From the first line to the last, output the records exactly and drop any images.

START Records to process

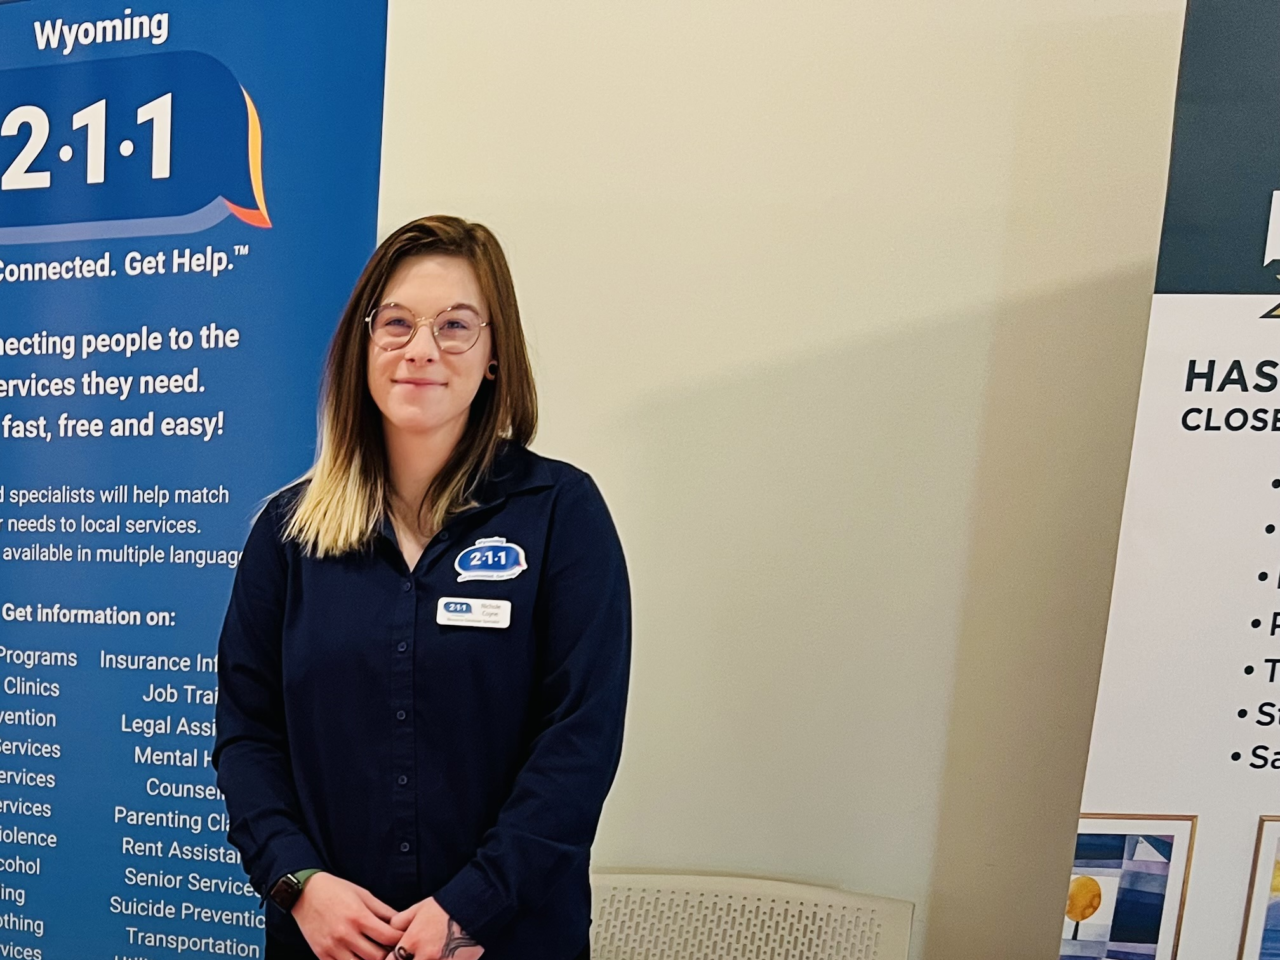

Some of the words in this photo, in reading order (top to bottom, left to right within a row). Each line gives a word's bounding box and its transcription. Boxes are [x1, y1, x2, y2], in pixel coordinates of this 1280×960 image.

[34, 8, 169, 55] Wyoming
[124, 249, 166, 277] Get
[82, 326, 162, 358] people
[169, 326, 193, 349] to
[199, 323, 239, 349] the
[81, 370, 132, 400] they
[139, 367, 204, 394] need.
[1185, 359, 1279, 392] HAS
[2, 414, 51, 442] fast,
[58, 414, 103, 437] free
[110, 412, 153, 437] and
[160, 411, 224, 442] easy!
[9, 486, 94, 506] specialists
[100, 486, 128, 503] will
[133, 486, 169, 507] help
[175, 487, 229, 503] match
[8, 515, 55, 532] needs
[60, 517, 76, 532] to
[81, 516, 120, 533] local
[125, 517, 201, 534] services.
[3, 544, 72, 562] available
[78, 546, 91, 562] in
[96, 545, 165, 566] multiple
[170, 546, 243, 568] languag
[2, 603, 32, 622] Get
[37, 604, 140, 625] information
[146, 608, 175, 626] on:
[100, 650, 191, 671] Insurance
[4, 676, 59, 697] Clinics
[143, 684, 177, 703] Job
[121, 714, 170, 736] Legal
[134, 746, 197, 767] Mental
[115, 806, 202, 833] Parenting
[122, 837, 162, 857] Rent
[168, 841, 241, 864] Assista
[124, 868, 182, 889] Senior
[110, 897, 176, 919] Suicide
[181, 903, 266, 929] Preventio
[126, 928, 259, 958] Transportation

END Records to process

- _Solution to this exercise_
Some of the words in this photo, in reading order (top to bottom, left to right within a row). Each line gives a word's bounding box and its transcription. Boxes are [x1, y1, x2, y2], in pixel coordinates of this 1280×960 image.

[34, 8, 169, 55] Wyoming
[124, 249, 166, 277] Get
[82, 326, 162, 358] people
[169, 326, 193, 349] to
[199, 323, 239, 349] the
[81, 370, 132, 400] they
[139, 367, 204, 394] need.
[1185, 359, 1279, 392] HAS
[2, 414, 51, 442] fast,
[58, 414, 103, 437] free
[110, 412, 153, 437] and
[160, 411, 224, 442] easy!
[9, 486, 94, 506] specialists
[100, 486, 128, 503] will
[133, 486, 169, 507] help
[175, 487, 229, 503] match
[8, 515, 55, 532] needs
[60, 517, 76, 532] to
[81, 516, 120, 533] local
[125, 517, 201, 534] services.
[3, 544, 72, 562] available
[78, 546, 91, 562] in
[96, 545, 165, 566] multiple
[170, 546, 243, 568] languag
[2, 603, 32, 622] Get
[37, 604, 140, 625] information
[146, 608, 175, 626] on:
[100, 650, 191, 671] Insurance
[4, 676, 59, 697] Clinics
[143, 684, 177, 703] Job
[121, 714, 170, 736] Legal
[134, 746, 197, 767] Mental
[115, 806, 202, 833] Parenting
[122, 837, 162, 857] Rent
[168, 841, 241, 864] Assista
[124, 868, 182, 889] Senior
[110, 897, 176, 919] Suicide
[181, 903, 266, 929] Preventio
[126, 928, 259, 958] Transportation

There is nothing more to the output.